Multi-step forecasting is the task of predicting multiple values of a time series into the future. This is a challenging task, as it requires the model to capture the dynamics of the time series and to make accurate predictions over a long period of time.
There are two main approaches to multi-step forecasting: the iterated approach and the direct approach.
The iterated approach is a recursive method that uses a single model to predict multiple steps ahead. The model is first trained to predict one step ahead. Then, the predicted value is used as input to the model to predict the next step, and so on. This process is repeated until the desired forecast horizon is reached.
The iterated approach has the advantage of being relatively simple to implement. It also requires only a single model, which can be advantageous if computational resources are limited. However, the iterated approach can be sensitive to errors in the initial predictions. If the first prediction is wrong, it can propagate through the subsequent predictions, leading to increasingly inaccurate forecasts.
The direct approach uses a separate model for each step in the forecast horizon. This means that each model is specifically trained to predict a particular step ahead. This can help to improve the accuracy of the forecasts, as each model is tailored to the dynamics of that particular step. However, the direct approach requires training multiple models, which can be computationally expensive.
The MIMO (Multiple Input, Multiple Output) approach is a hybrid approach that combines the iterated and direct approaches. In the MIMO approach, a single model is trained to predict multiple steps ahead. However, the model is allowed to have multiple inputs, which can be the predicted values from the previous steps. This can help to improve the accuracy of the forecasts, as the model is able to take into account the dynamics of the previous steps.

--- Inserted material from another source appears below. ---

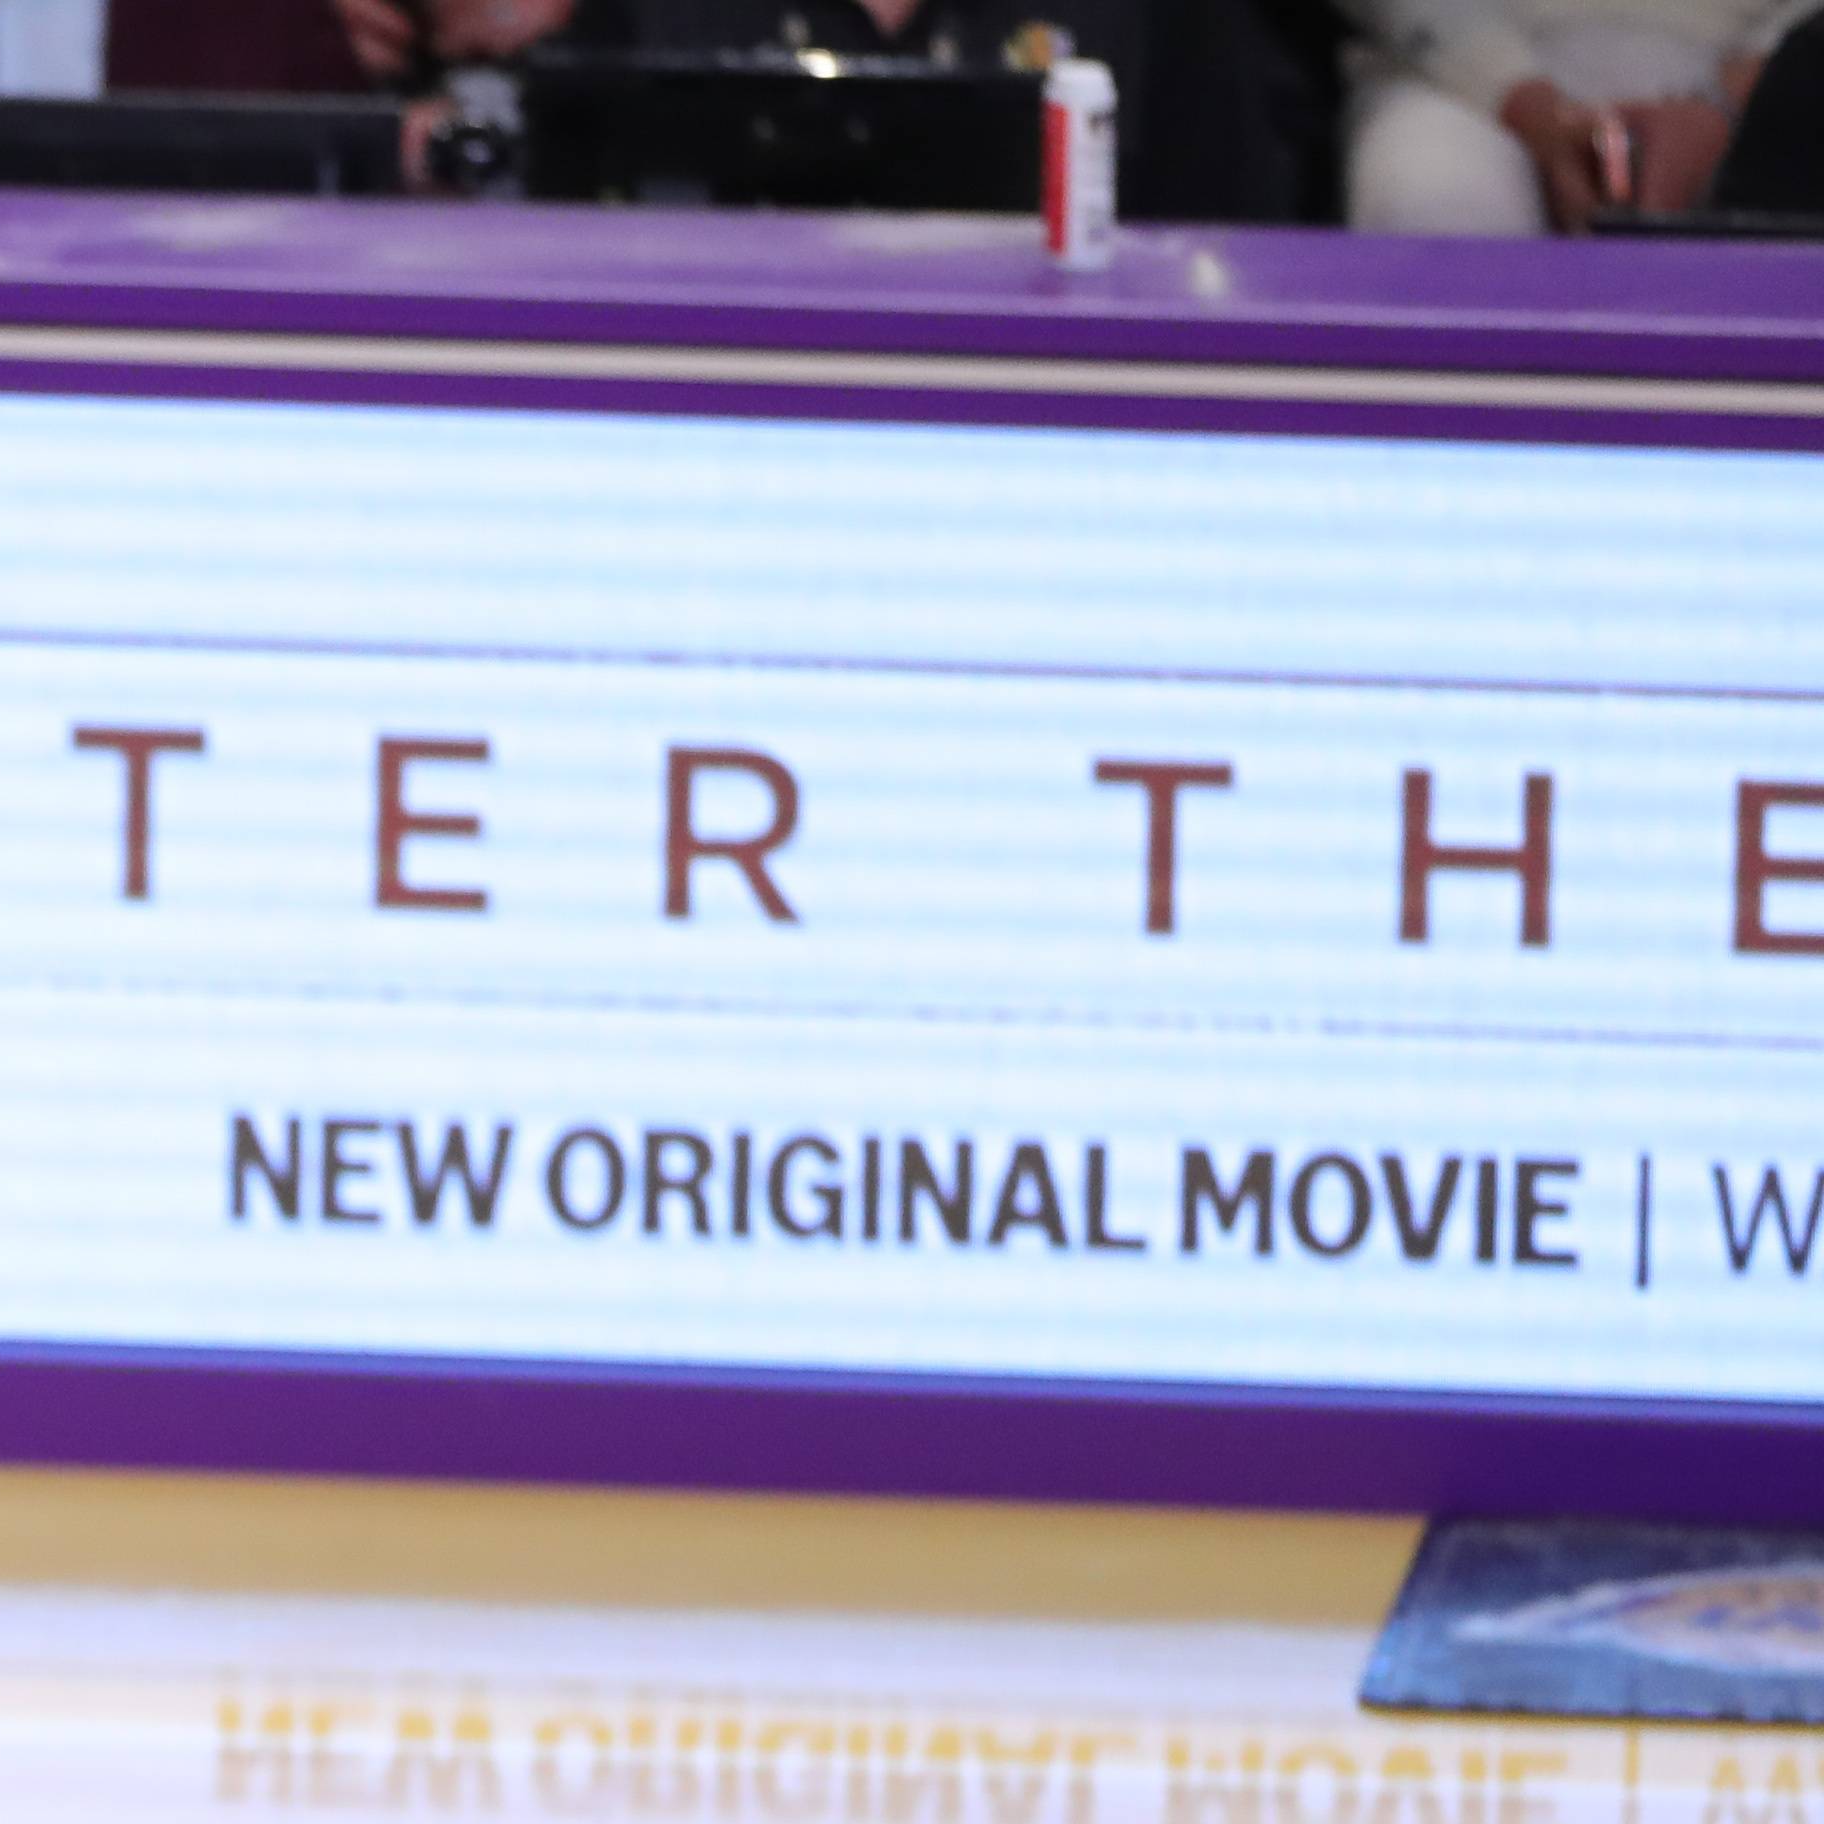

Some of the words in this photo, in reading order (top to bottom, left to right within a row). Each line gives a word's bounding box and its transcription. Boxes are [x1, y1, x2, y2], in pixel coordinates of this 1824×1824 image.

Choosing the Best Approach
The best approach for multi-step forecasting depends on many factors, including the nature of the time series, the computational resources available, and the importance of forecasting accuracy at various horizons. In general, the iterated approach is a good choice if computational resources are limited and if the forecast horizon is not too long. The direct approach is a good choice if accuracy is essential and if the forecast horizon is long. The MIMO approach is a good compromise between the iterated and direct methods, and it can be a good choice if the time series is relatively noisy.
Additional Concepts and Equations
Here are some additional concepts and equations that are relevant to multi-step forecasting:
- Autoregressive (AR) model: An AR model is a statistical model that predicts the future value of a time series based on its past values. AR models are commonly used for multi-step forecasting.
- Moving average (MA) model: An MA model is a statistical model that predicts the future value of a time series based on its past errors. MA models are also commonly used for multi-step forecasting.
- ARIMA model: An ARIMA model combines an AR model and a MA model. ARIMA models are a powerful tool for multi-step forecasting, but they can be more difficult to fit than AR or MA models.
- Forecast error: The forecast error is the difference between the actual value of a time series and the forecast value. The forecast error is used to evaluate the accuracy of the forecasts.
- Mean squared error (MSE): The MSE measures the average squared forecast error. The MSE is a commonly used metric for evaluating the accuracy of forecasts.
Multi-step forecasting is a challenging task, but it is an important one for many applications. There are a variety of approaches to multi-step forecasting, and the best approach depends on the specific application. The iterated approach, the direct approach, and the MIMO approach are three common approaches that are discussed in this article.